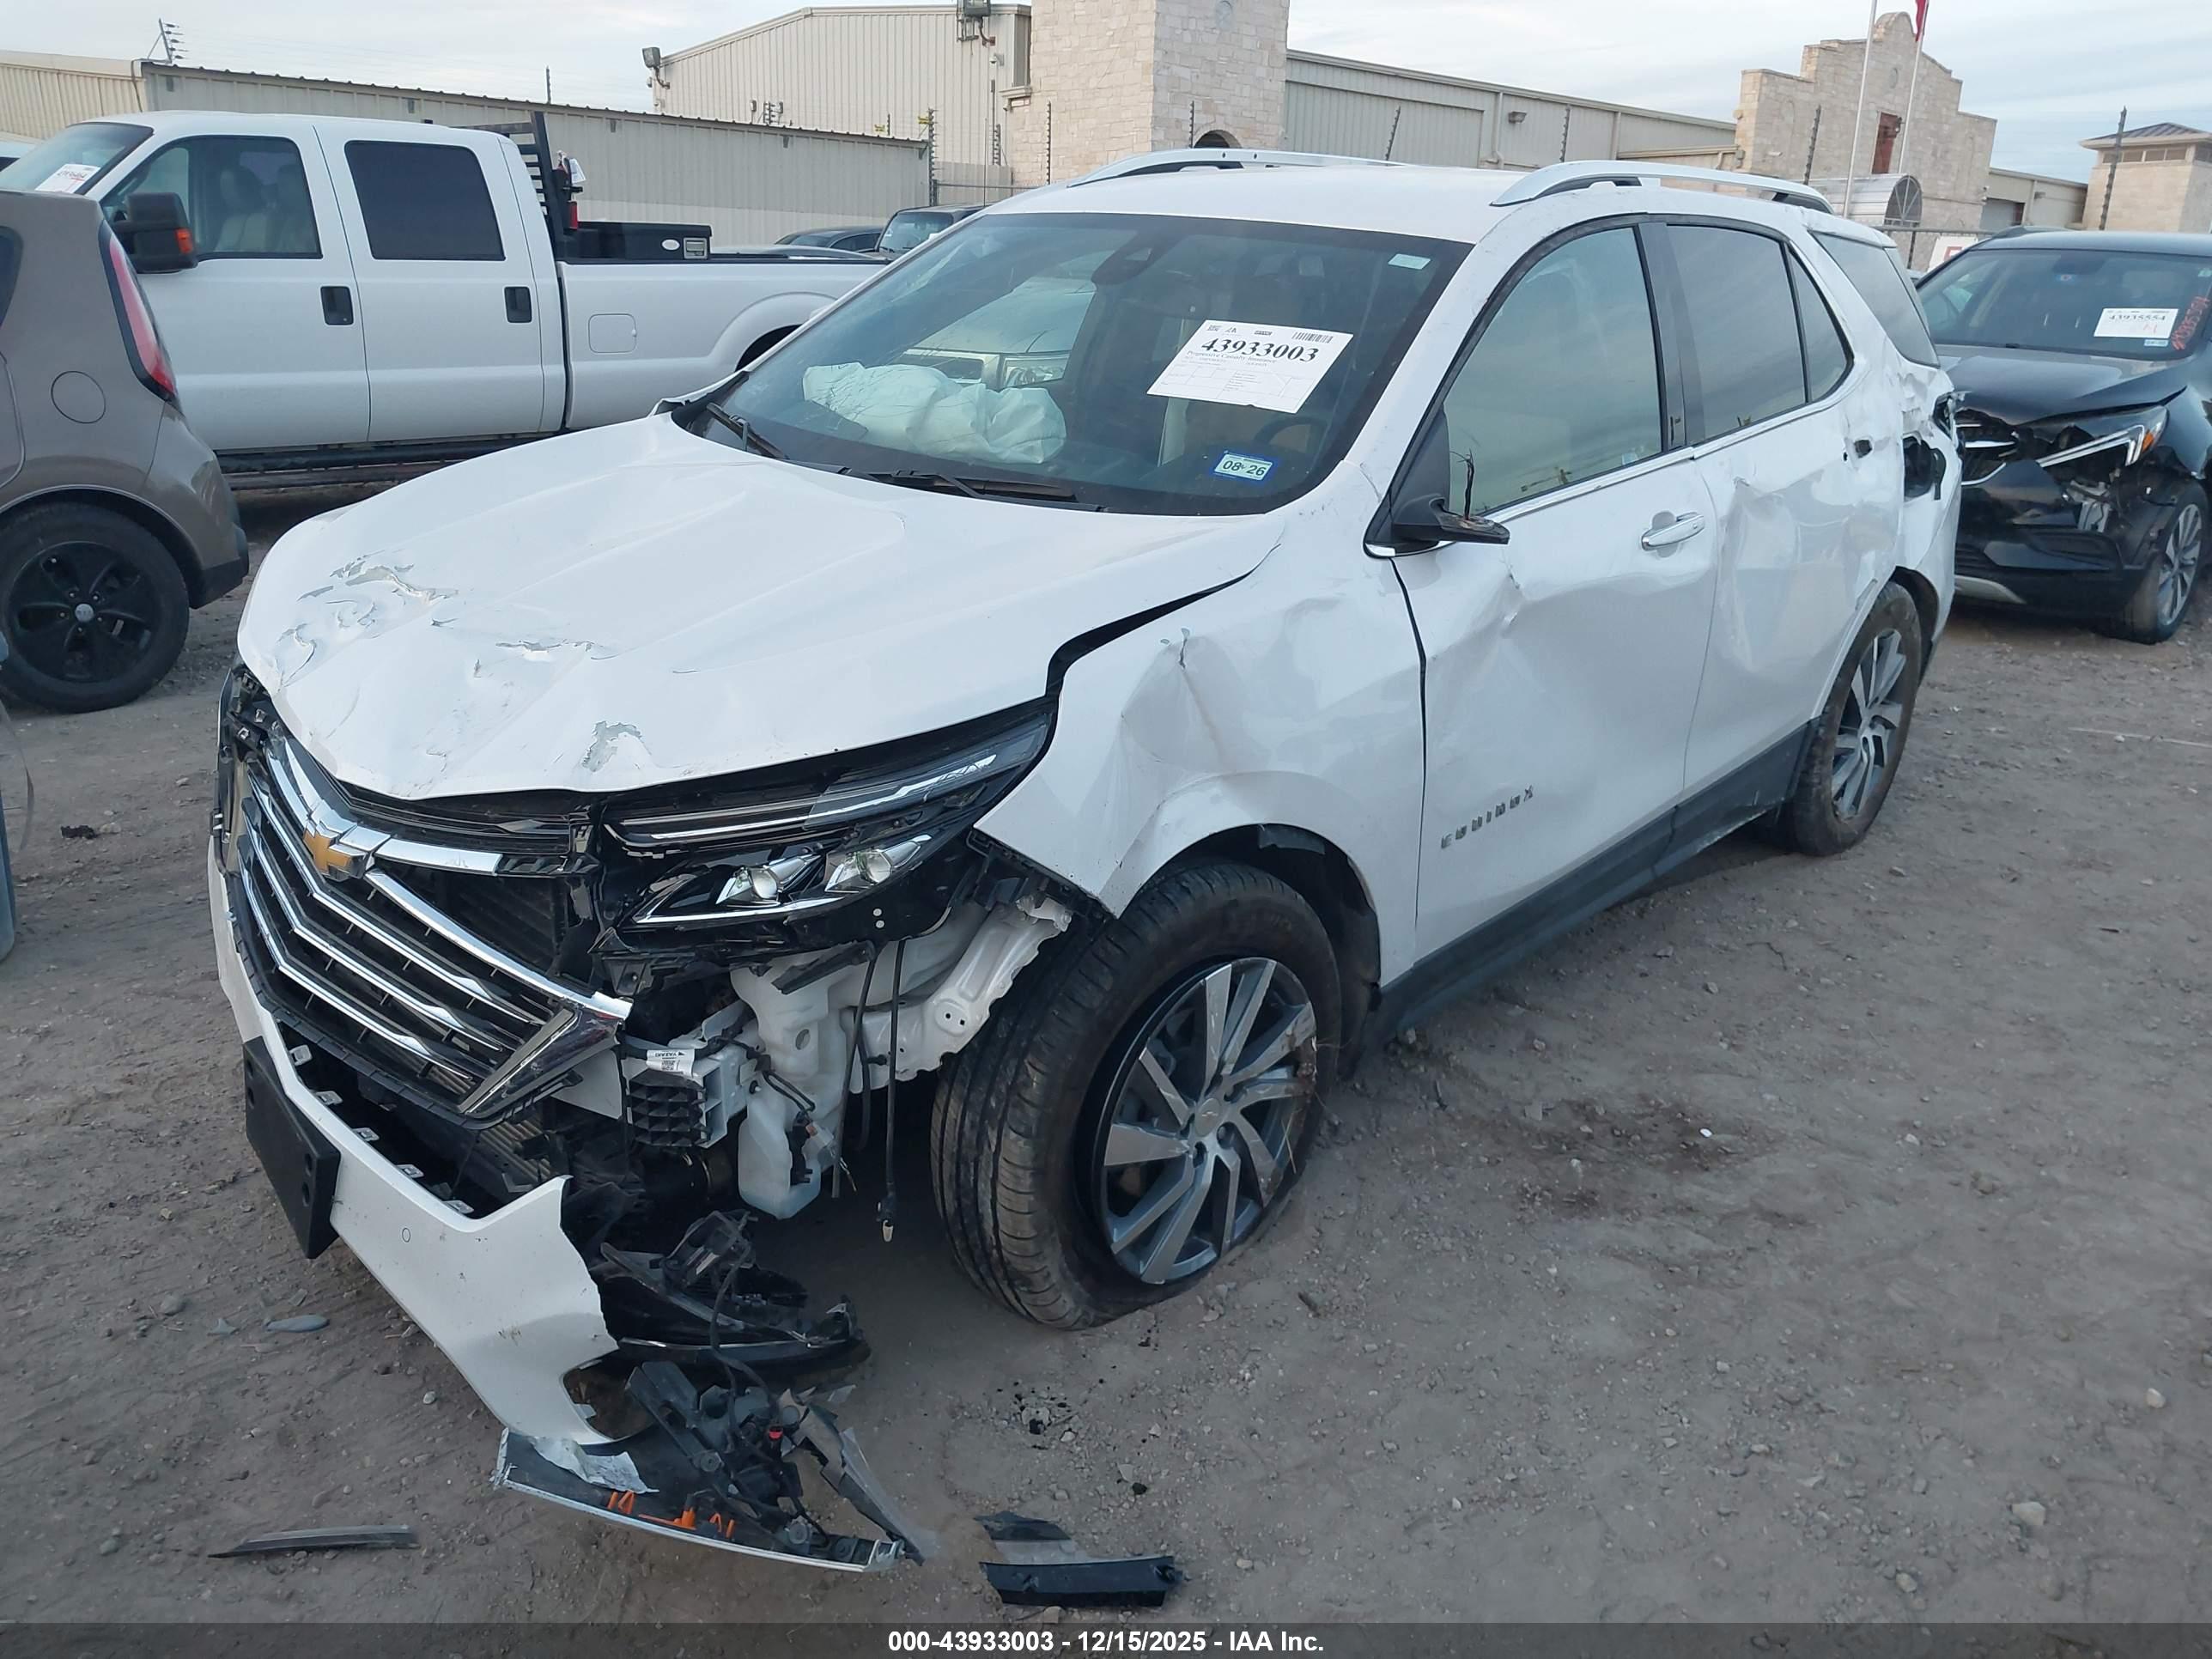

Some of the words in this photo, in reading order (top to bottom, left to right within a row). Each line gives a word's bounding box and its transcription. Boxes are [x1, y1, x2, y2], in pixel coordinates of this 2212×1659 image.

[1201, 337, 1319, 363] 43933003
[1222, 460, 1243, 471] 08
[1246, 465, 1267, 477] 26
[1440, 784, 1534, 848] EQUINOX
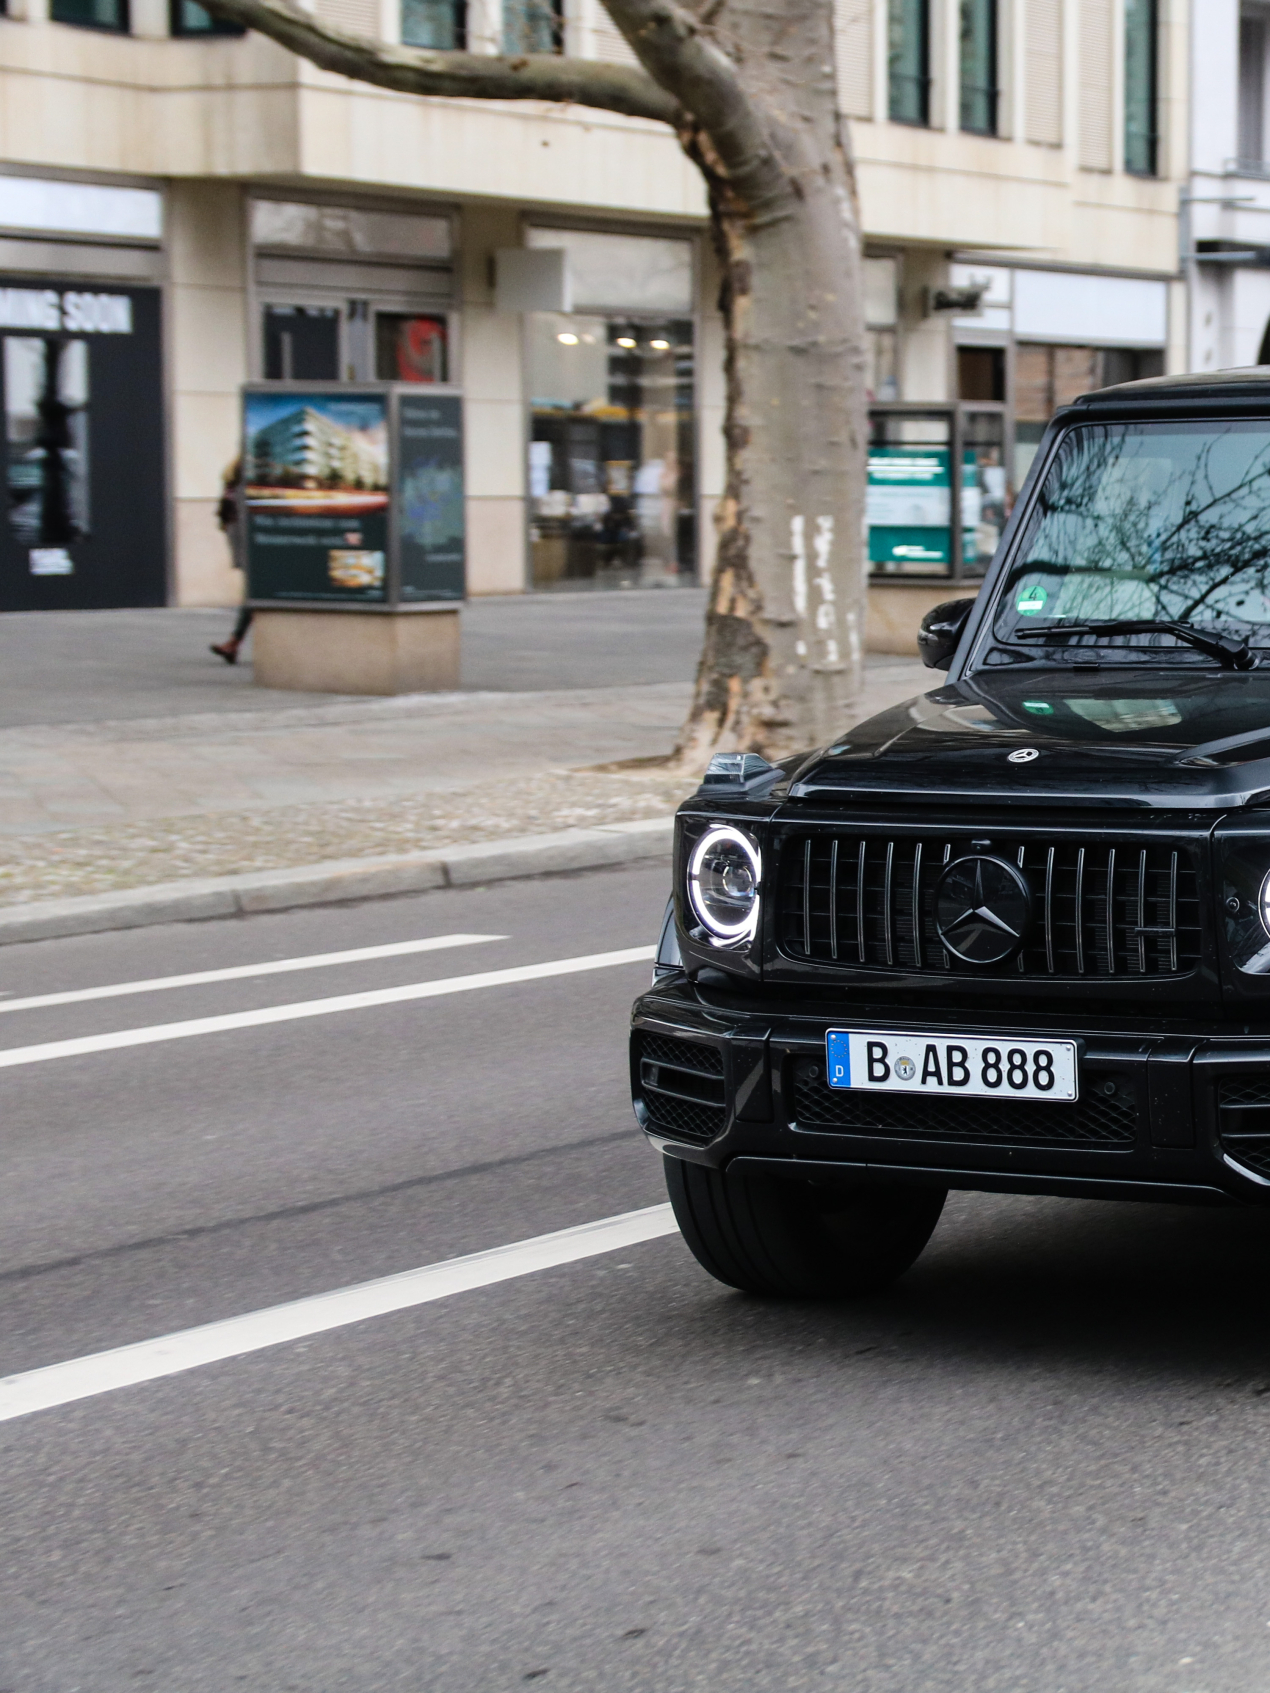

YOUR TASK — Exactly retype each record above, dropping images.

RESULT —
Some of the words in this photo, in reading order (top to bottom, left to right within a row). Each line gives a word's bounding box and its transcription. Boxes are [x1, y1, x2, y2], in pixel coordinates of this 2212×1659 image.

[1201, 337, 1319, 363] 43933003
[1222, 460, 1243, 471] 08
[1246, 465, 1267, 477] 26
[1440, 784, 1534, 848] EQUINOX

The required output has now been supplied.